Fabric Laying is the process of unwinding large rolls of fabric onto long, wide tables in preparation for cutting each piece of a garment. The number of layers of fabric is dictated by the number of garments desired and the fabric thickness. Spreading can be done by hand or machine. Depending upon the fabric and cutting technology, up to 200 layers of fabric may be cut at one time. Fabrics that are more difficult to handle are generally cut in thinner stacks.
The first stage in the manufacturing of garments is the cutting and for that pattern making is the base. Cutting is separating of the garment in to its components and in a general form it is the production process of separating (sectioning, curving, severing) a spread into garment parts that are the precise size and shape of the pattern pieces on a marker. The cutting process may also involve transferring marks and notches from the garment parts to assist operators in sewing, chopping or sectioning a spread in to blocks of pieces goodsmany precede precision cutting of individual patter shapes. This is done to allow for accurate matching of fabric design or easier manufacturing of acutting knife.
Garments are sewn in an assembly line, with the garment becoming more complete as it progresses down the sewing line. Sewing machine operators receive a bundle of cut fabric and repeatedly sew the same portion of the garment, passing that completed portion to the next operator. For example, the first operator may sew the collar to the body of the garment and the next operator may sew a sleeve to the body. Quality assurance is performed at the end of the sewing line to ensure that the garment has been properly assembled and that no manufacturing defects exist. When needed, the garment will be reworked or mended at designated sewing stations. This labor-intensive process progressively transforms pieces of fabric into designer garments.
In addition to identifying manufacturing defects, employees tasked with performing quality assurance are also looking for cosmetic flaws, stains, or other spots on the garment that may have occurred during the cutting and sewing processes. Spots are often marked with a sticker and taken to a spot-cleaning area where the garment is cleaned using steam, hot water, or chemical stain removers.
After a garment is fully sewn and assembled, it is transferred to the ironing section of the facility for final pressing. Each ironing station consists of an iron and an ironing platform. The irons are similar looking to residential models, but have steam supplied by an on-site boiler. Workers control the steam with foot pedals and the steam is delivered via overhead hoses directly to the iron. In most facilities, the ironing platforms are equipped with a ventilation system that draws steam through the ironing table and exhausts it outside the factory.
In the last steps of making a product retail-ready, garments are folded, tagged, sized, and packaged according to customer specifications. Also, garments may be placed in protective plastic bags, either manually or using an automated system, to ensure that the material stays clean and pressed during shipping. Lastly, garments are placed in cardboard boxes and shipped to client distribution centers to eventually be sold in retail stores.

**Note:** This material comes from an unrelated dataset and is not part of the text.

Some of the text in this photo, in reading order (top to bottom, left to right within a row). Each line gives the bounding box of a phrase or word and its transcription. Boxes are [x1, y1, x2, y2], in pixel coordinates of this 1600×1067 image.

Embroidery is performed using automated equipment, often with many machines concurrently embroidering the same pattern on multiple garments. Each production line may include between 10 and 20 embroidery stations. Customers may request embroidery to put logos or other embellishments on garments.
Quilting is the art of covering the fabrics for frontal and back, both the sides. The fabrics composed by the sides are generally said to be the quilting fabric. Quilted fabrics are generally made for products like bags, clothing and mattresses. Quilted fabrics can blend any of the material like cotton, polyesters, silk and many more including the wool. Quilted fabrics have been in the daily uses since ages. With the time, quilted fabric has been innovated and modernized in its composition and designs as well. Quilted fabric is also available in countless colors and shapes. Especially, the variety in the quilted fabric can be witnessed in the jackets and mattresses.

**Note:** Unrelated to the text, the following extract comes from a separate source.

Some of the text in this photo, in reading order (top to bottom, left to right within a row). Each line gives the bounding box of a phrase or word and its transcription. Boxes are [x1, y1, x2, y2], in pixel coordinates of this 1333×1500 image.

Laser etching is the practice of using lasers to engrave an object. Laser etching on the other hand just discolors the surface, without cutting into the surface. The technique does not involve the use of inks, nor does it involve tool bits which contact the etching surface and wear out.

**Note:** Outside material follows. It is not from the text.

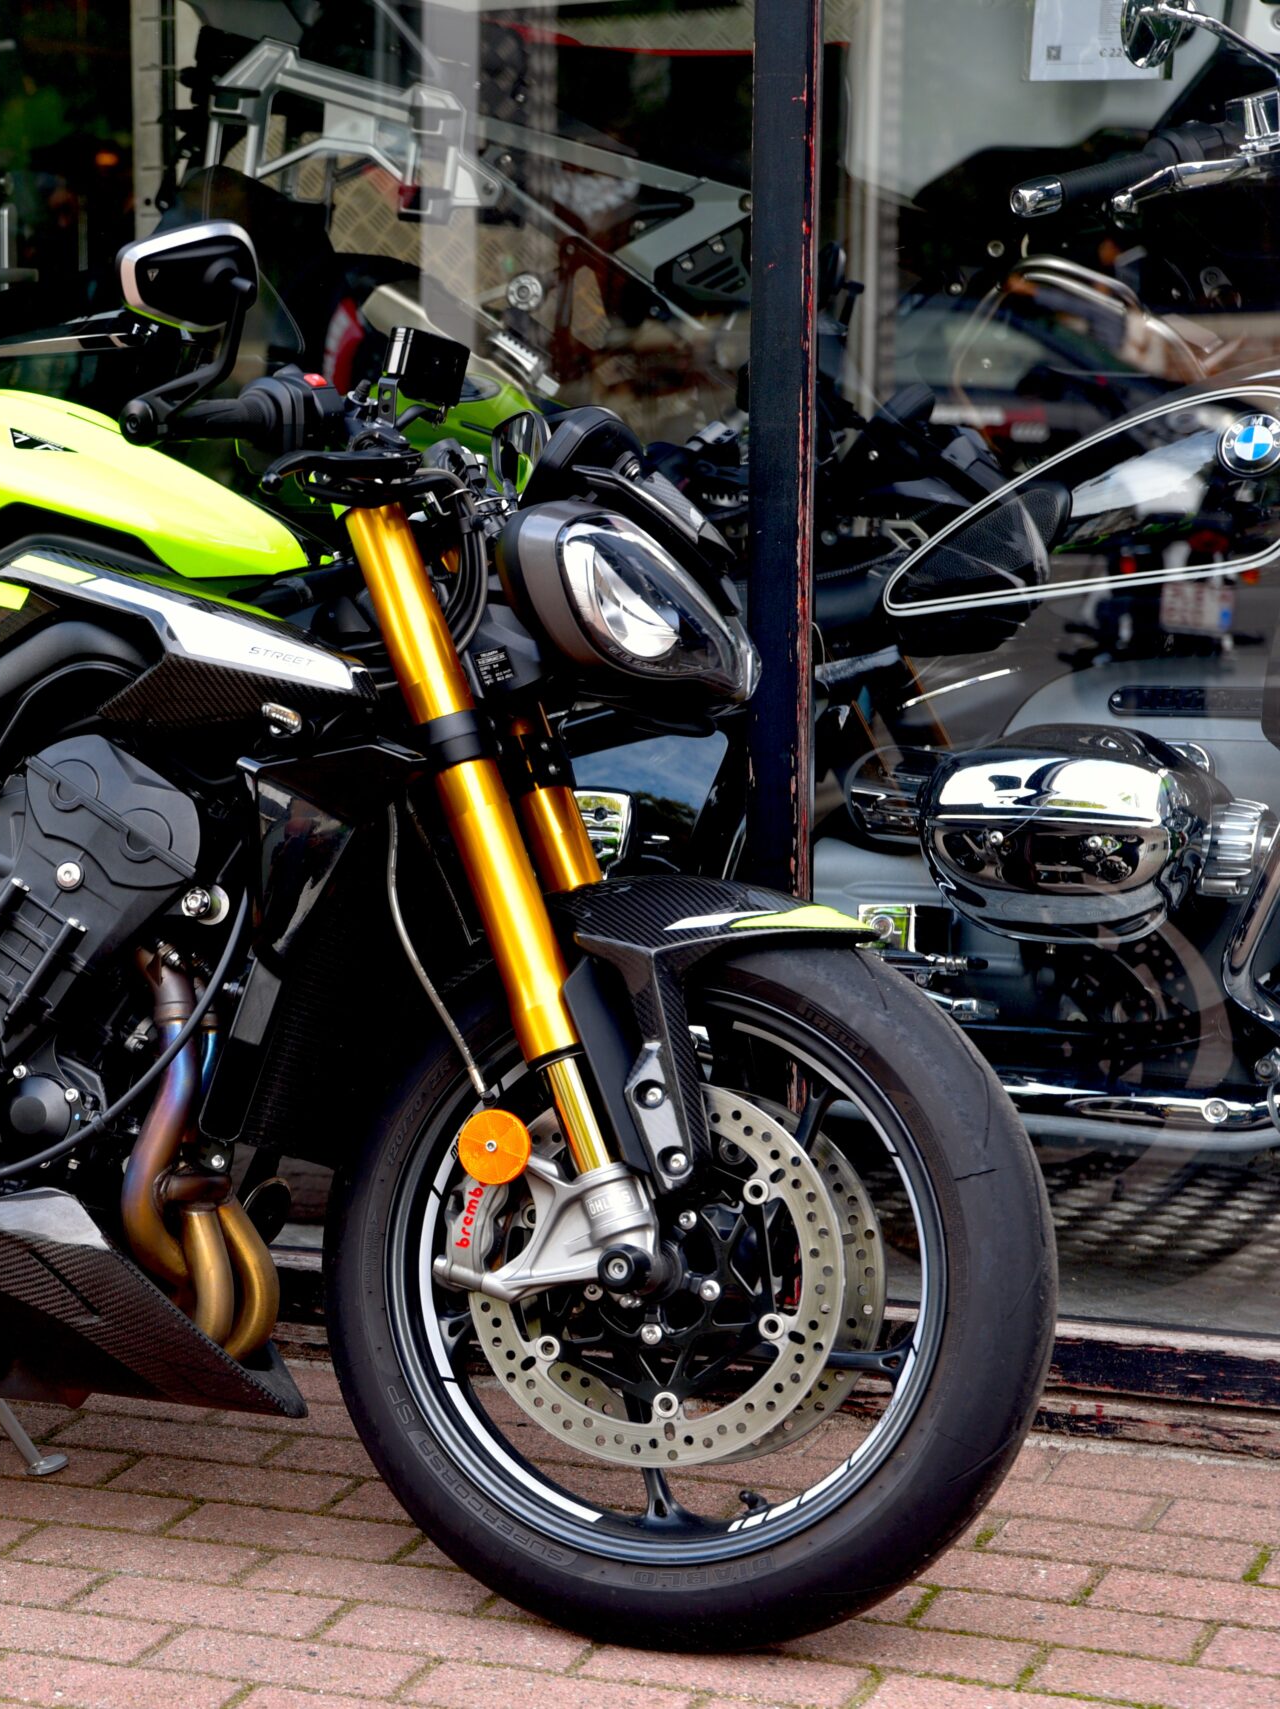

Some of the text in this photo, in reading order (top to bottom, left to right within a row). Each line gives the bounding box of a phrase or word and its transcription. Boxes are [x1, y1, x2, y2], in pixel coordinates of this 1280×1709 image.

Printing is the process of applying paint-based graphics to fabric using presses and textile dryers. Specifically, screen printing involves sweeping a rubber blade across a porous screen, transferring ink through a stencil and onto the fabric. The screen printed pieces of fabric are then dried to set the ink. This process may have varying levels of automation or may largely be completed at manually operated stations. Like embroidery, screen printing is wholly determined by the customer and may be requested to put logos or other graphics on garments or to print brand and size information in place of affixing tags.
Some customers request that a garment be fully laundered after it is sewn and assembled; therefore, garment factories often have an on-site laundry or have subcontract agreements with off-site laundry operations. Commercial laundry facilities are equipped with at least three types of machines: washers, spinners, and dryers. Some facilities also have the capability to perform special treatments, such as stone or acid-washing.